Typically, these out-of-the-box tutorials use widely applicable sales data, which is fine for most users. But our users are specific in how they approach sales, so we wanted the tutorial to be something they could relate to. We also added sections about support, so our users would know how to open appropriate tickets at our help desk as they ran into problems.
Next in our adoption approach is app development. How do we ensure apps meet the actual user’s needs as closely as possible? First, our design team meets our users in person before we ever begin designing something. In that design session, we cover things like use, purpose, data requirements, and functionality.
It’s important to have this happen in person, because it helps spark ideas. Users might not know everything Qlik can do, so for the purpose of brainstorming ideas at these sessions, we tell users, “Assume it can do everything, and we’ll tell you when you’ve gone off the edge.”
We then set up a development stream for our users, where we can launch prototypes. This allows us to give specific access to the targeted to users who would give us the best feedback, but it also lets us eliminate any confusion about what’s in production or development.
I want to say a few things about soliciting feedback from non-technical users who don’t always know what is expected of them when you ask them to evaluate a tool. You are probably familiar with the quality of feedback when you say to someone, “Take a look at this and tell me what you think.” They leave it until the last minute and say, “Oh, it’s great.” It’s only later, when they start using it for real, that you hear all the things they hate about it.
To leapfrog to that genuine, useful feedback, I developed a step-by-step review guide. Essentially, I ask questions that the user must interact with the application to answer, a bit like a scavenger hunt.
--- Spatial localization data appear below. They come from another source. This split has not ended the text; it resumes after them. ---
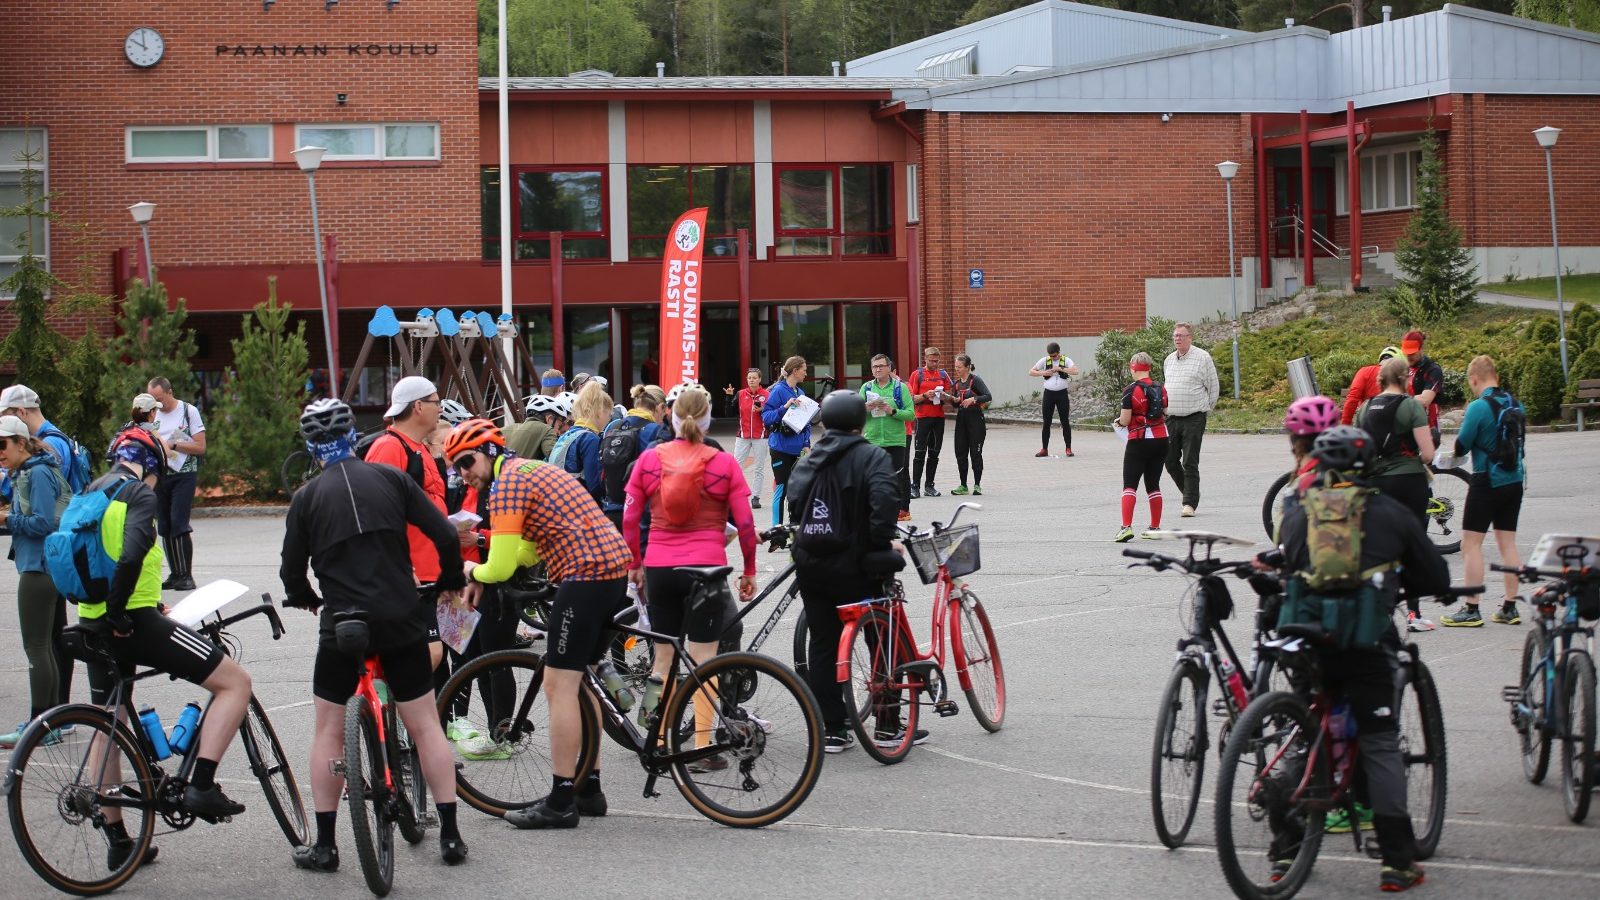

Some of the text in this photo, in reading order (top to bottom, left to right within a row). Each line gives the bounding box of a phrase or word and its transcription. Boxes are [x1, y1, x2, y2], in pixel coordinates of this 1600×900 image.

[215, 44, 438, 56] PAANAN KOULU
[667, 259, 682, 318] RASTI
[803, 523, 833, 535] NEPRA
[558, 617, 571, 655] CRAFT
[751, 593, 793, 653] NAKAMURA
The purpose of these questions is to drive that interaction. I only ask the feedback questions after, based on their experience with the app. We’ve found the review guide gives us much richer feedback and our designers have found it an improvement to our app development process.
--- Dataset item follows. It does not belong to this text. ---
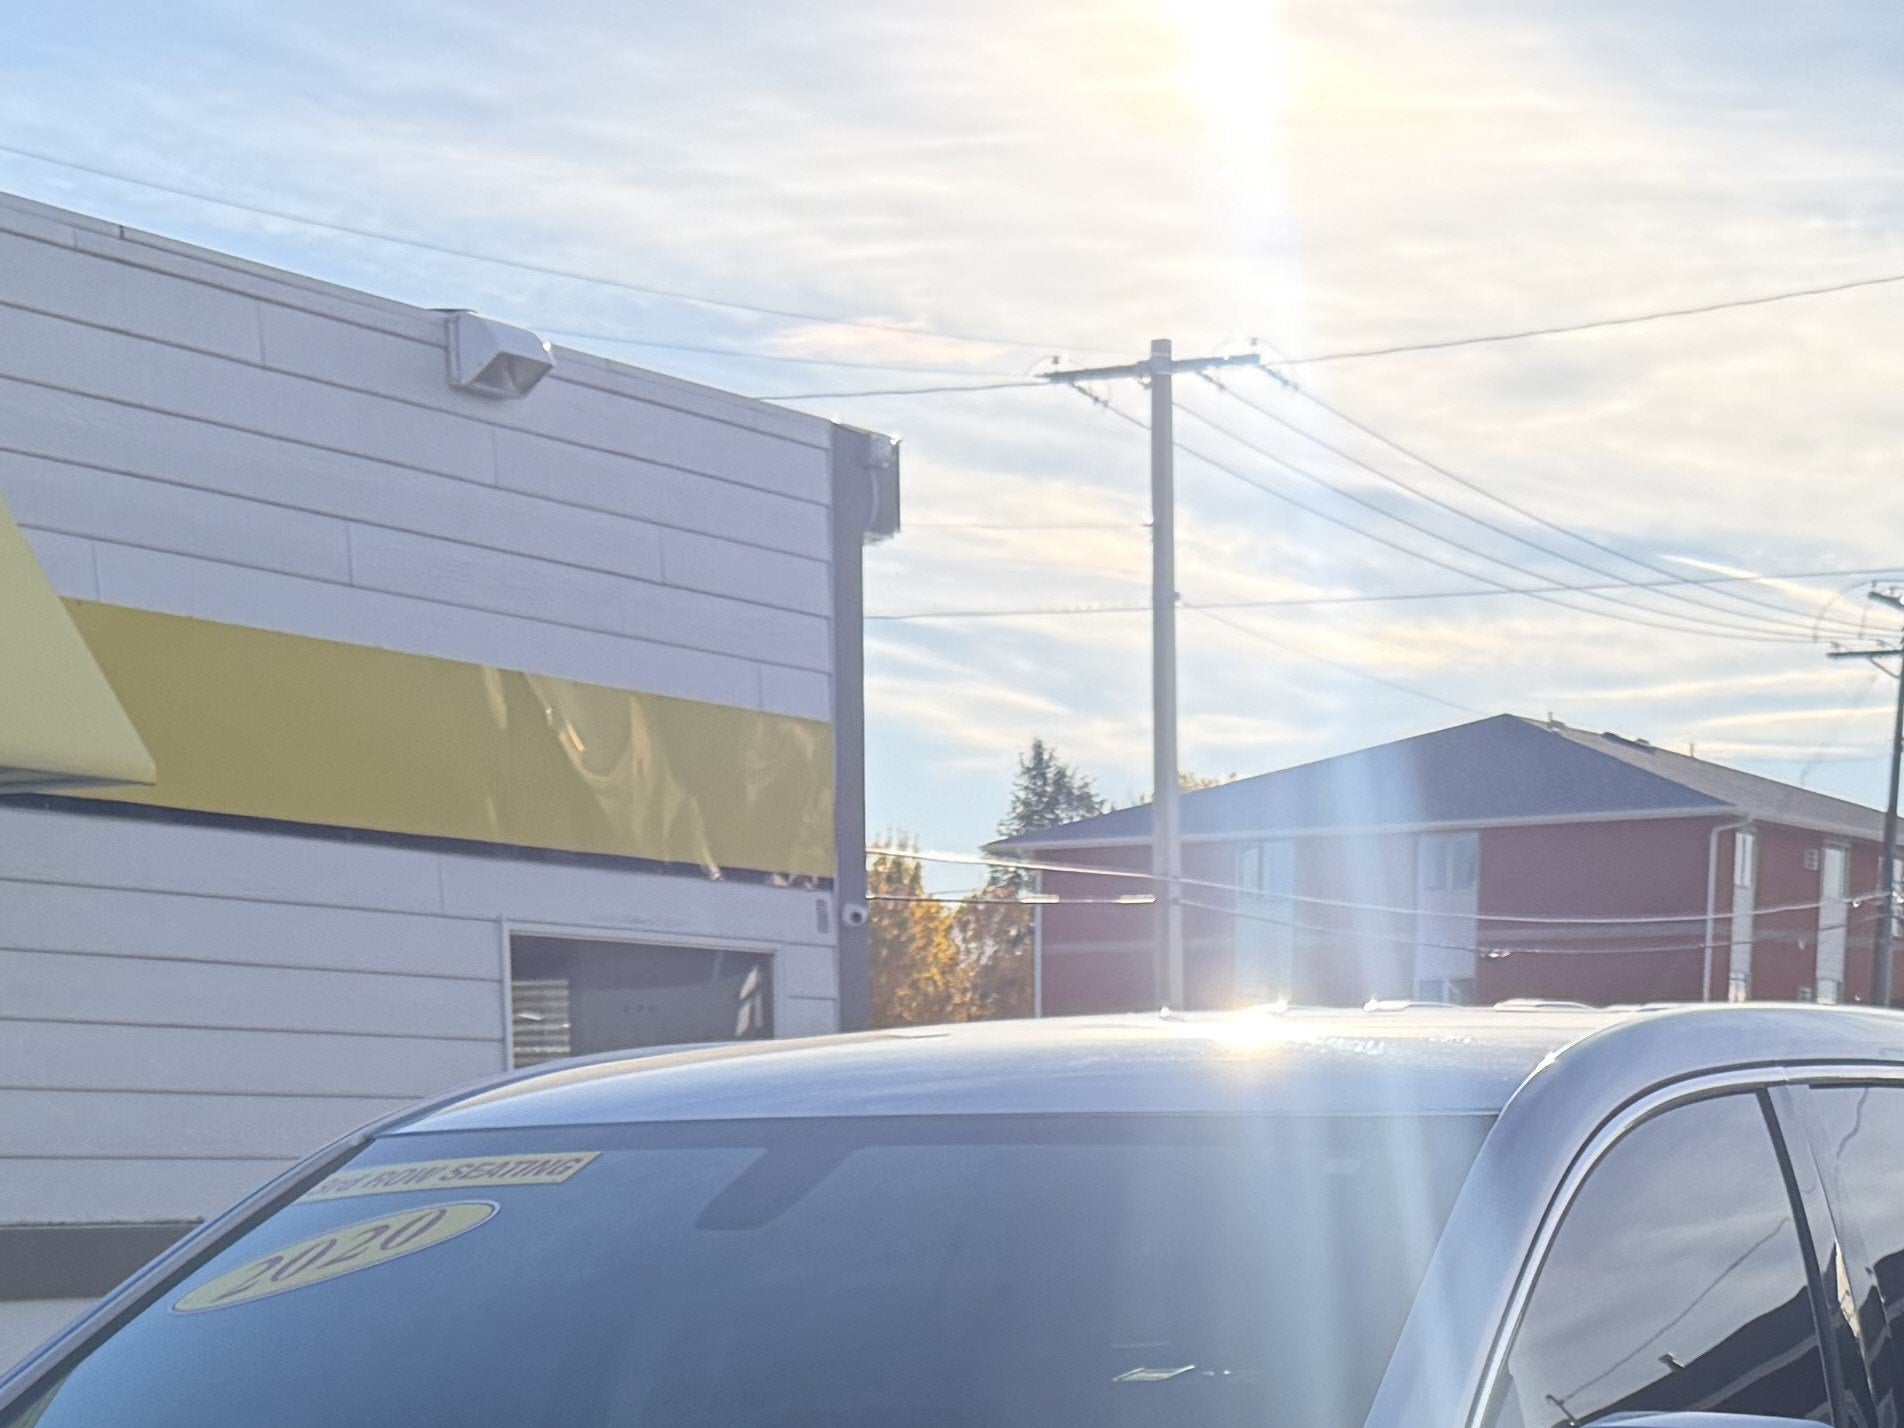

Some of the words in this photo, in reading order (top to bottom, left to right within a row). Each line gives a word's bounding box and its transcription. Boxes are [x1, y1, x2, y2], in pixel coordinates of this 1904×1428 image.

[360, 1166, 450, 1189] ROW
[439, 1157, 585, 1181] SEATING
[212, 1207, 448, 1303] 2020
The final part of our adoption approach is evangelism: ensuring users and leaders are excited about Qlik. The training and app development are the technical aspects of getting users on board. I think of evangelism as being more philosophical. It can definitely represent a mindset change, particularly at a big, old company like Luxottica. I truly believe in the transformative power of a tool like Qlik, and I let that shine through.
Before we rolled out our enterprise edition to users, my team and I would frequently use our desktop editions to wrangle data, perform analysis, and deliver results. Showcasing it like that went a long way to building excitement and desire for Qlik throughout the company. That attitude is infectious. My advice is to not only be that champion, but when you find fellow champions, empower and encourage them to spread the word.
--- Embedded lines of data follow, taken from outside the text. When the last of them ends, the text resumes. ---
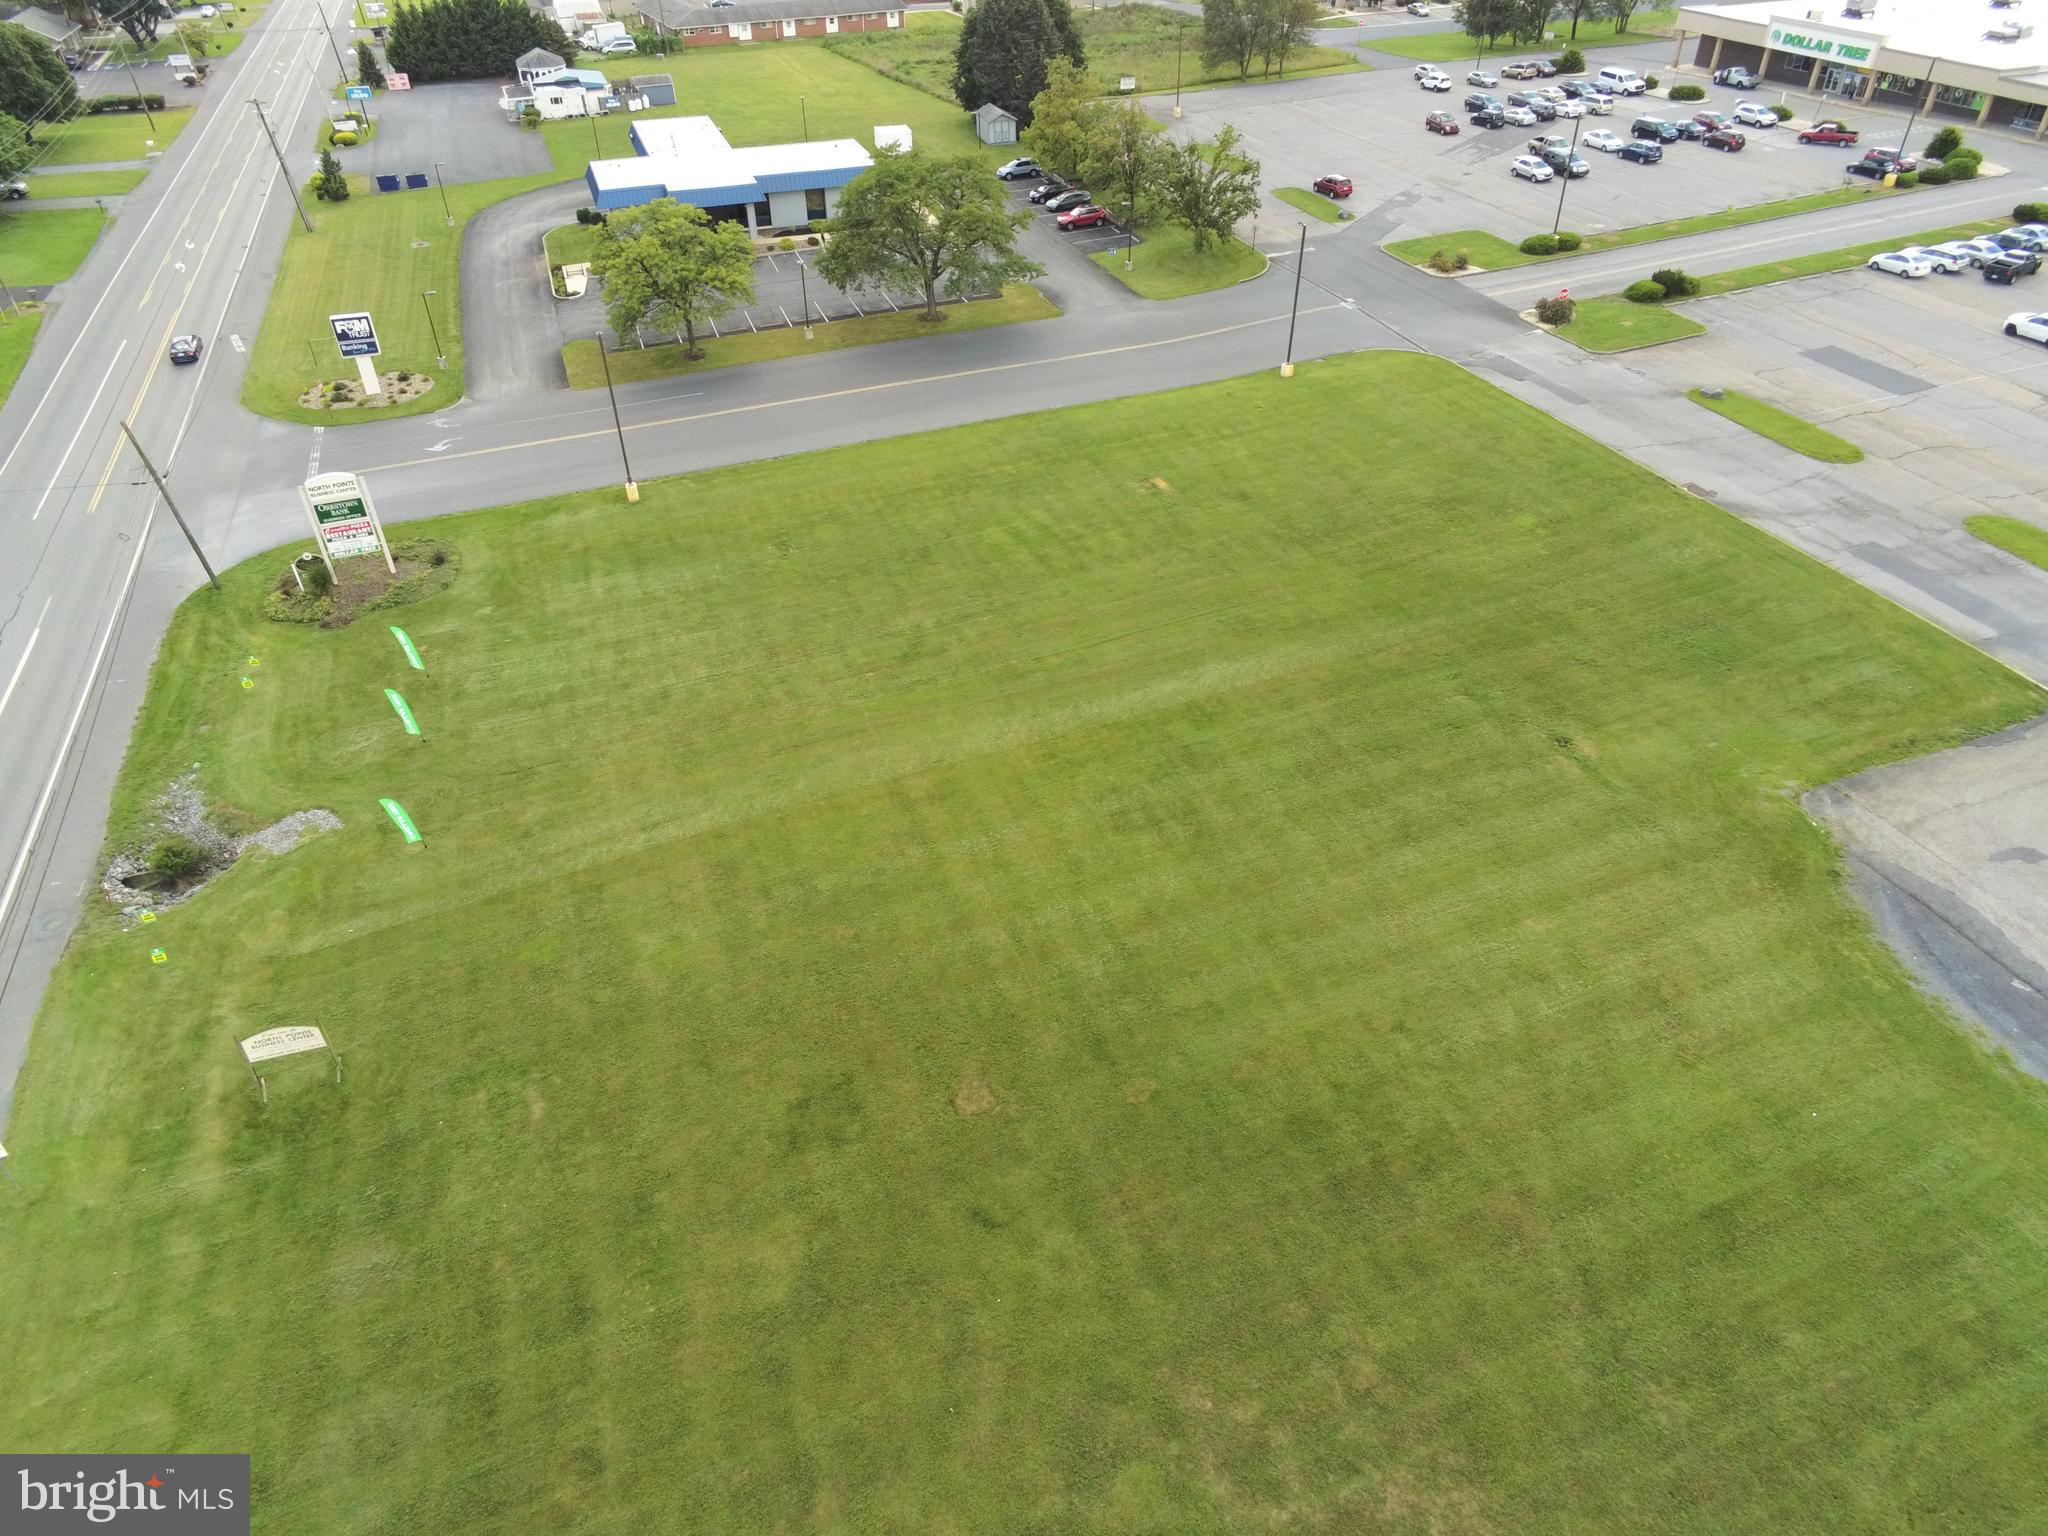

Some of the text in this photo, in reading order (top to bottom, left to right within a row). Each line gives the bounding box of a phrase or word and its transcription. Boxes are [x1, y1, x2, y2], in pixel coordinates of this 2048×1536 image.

[1782, 32, 1871, 61] DOLLAR TREE
[334, 319, 370, 333] F&M
[350, 330, 370, 338] TRUST
[308, 480, 355, 492] NORTH POINTE
[336, 486, 357, 494] CENTER
[318, 500, 359, 511] ORRSTOWN
[330, 508, 350, 516] BANK
[326, 527, 371, 538] RESTAURANT
[254, 1036, 282, 1044] NORTH
The Future Is Advanced Analytics Integration
Looking to the future, we will obviously continue developing our apps and improve that for our planning organization, but we’re also looking at ways we can expand into other parts of the business: e-Comm and marketing, for instance. We’re working on incorporating other data sources. We have some internal data sources that we will bring on board soon, but we would also love to draw in some external sources like weather data and social feeds. We could do some pretty fun things with that.
Finally, near and dear to my heart is our project of pushing forward with the advanced analytics integration. We have a whole slew of modeling projects already developed, so delivering those in Qlik is something we are excited about. We’ve already done so much, but I think we’ve just scratched the surface of what we could do.